-------- GIVEN INFORMATION --------

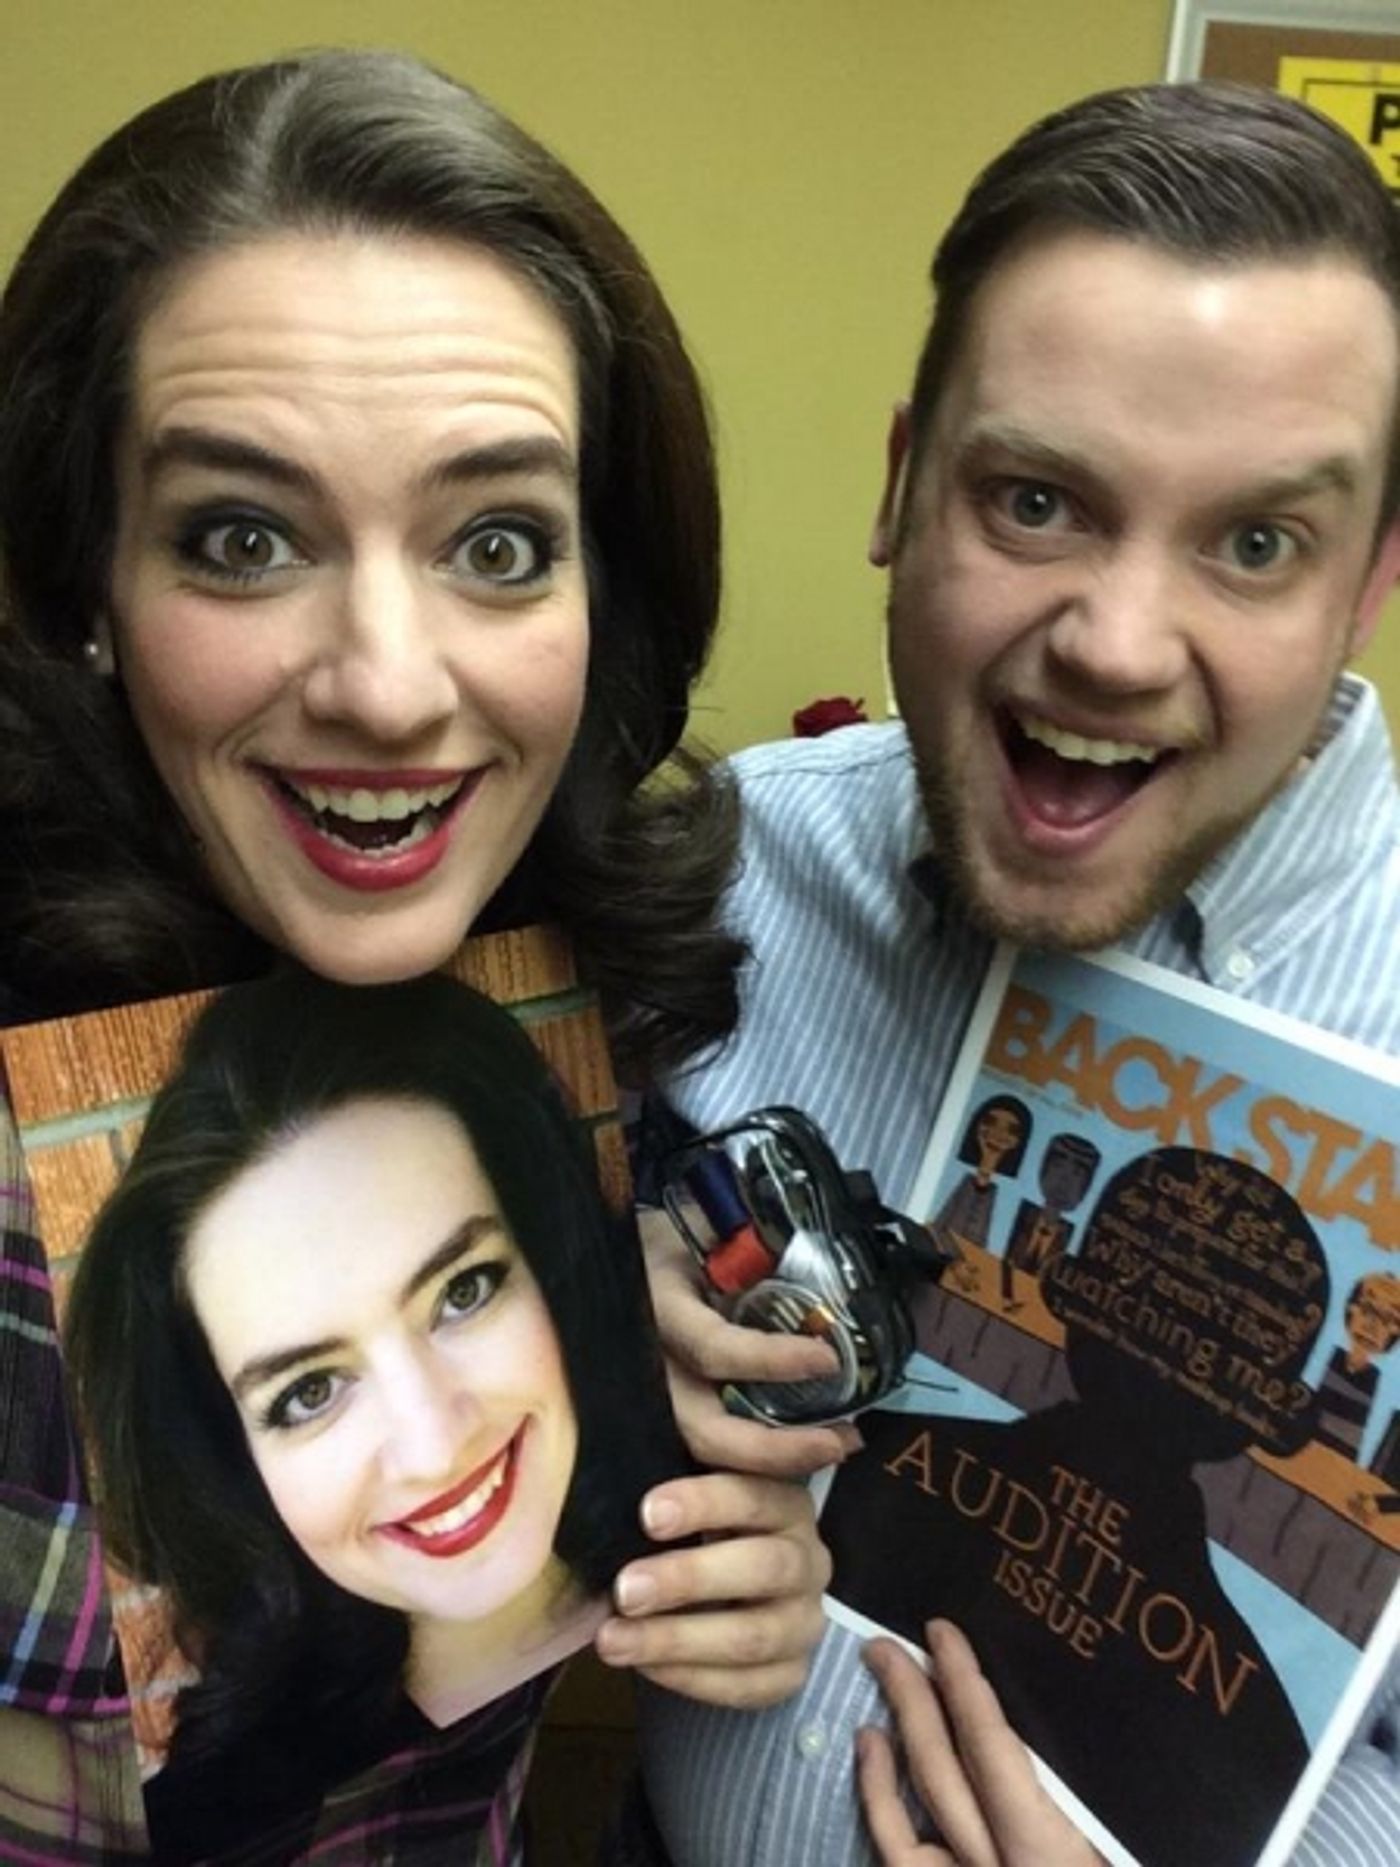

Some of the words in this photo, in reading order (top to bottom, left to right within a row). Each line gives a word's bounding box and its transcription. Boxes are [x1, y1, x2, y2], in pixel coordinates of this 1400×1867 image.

[984, 983, 1245, 1151] BACK
[1050, 1260, 1222, 1378] watching
[1050, 1464, 1131, 1545] THE
[883, 1430, 1259, 1717] AUDITION
[993, 1550, 1107, 1660] ISSUE

--------

§ THE PROBLEM
Please write out every entry exactly, but skip the pictures.

§ RESULT
Some of the words in this photo, in reading order (top to bottom, left to right within a row). Each line gives a word's bounding box and its transcription. Boxes are [x1, y1, x2, y2], in pixel coordinates of this 1400×1867 image.

[984, 983, 1245, 1151] BACK
[1050, 1260, 1222, 1378] watching
[1050, 1464, 1131, 1545] THE
[883, 1430, 1259, 1717] AUDITION
[993, 1550, 1107, 1660] ISSUE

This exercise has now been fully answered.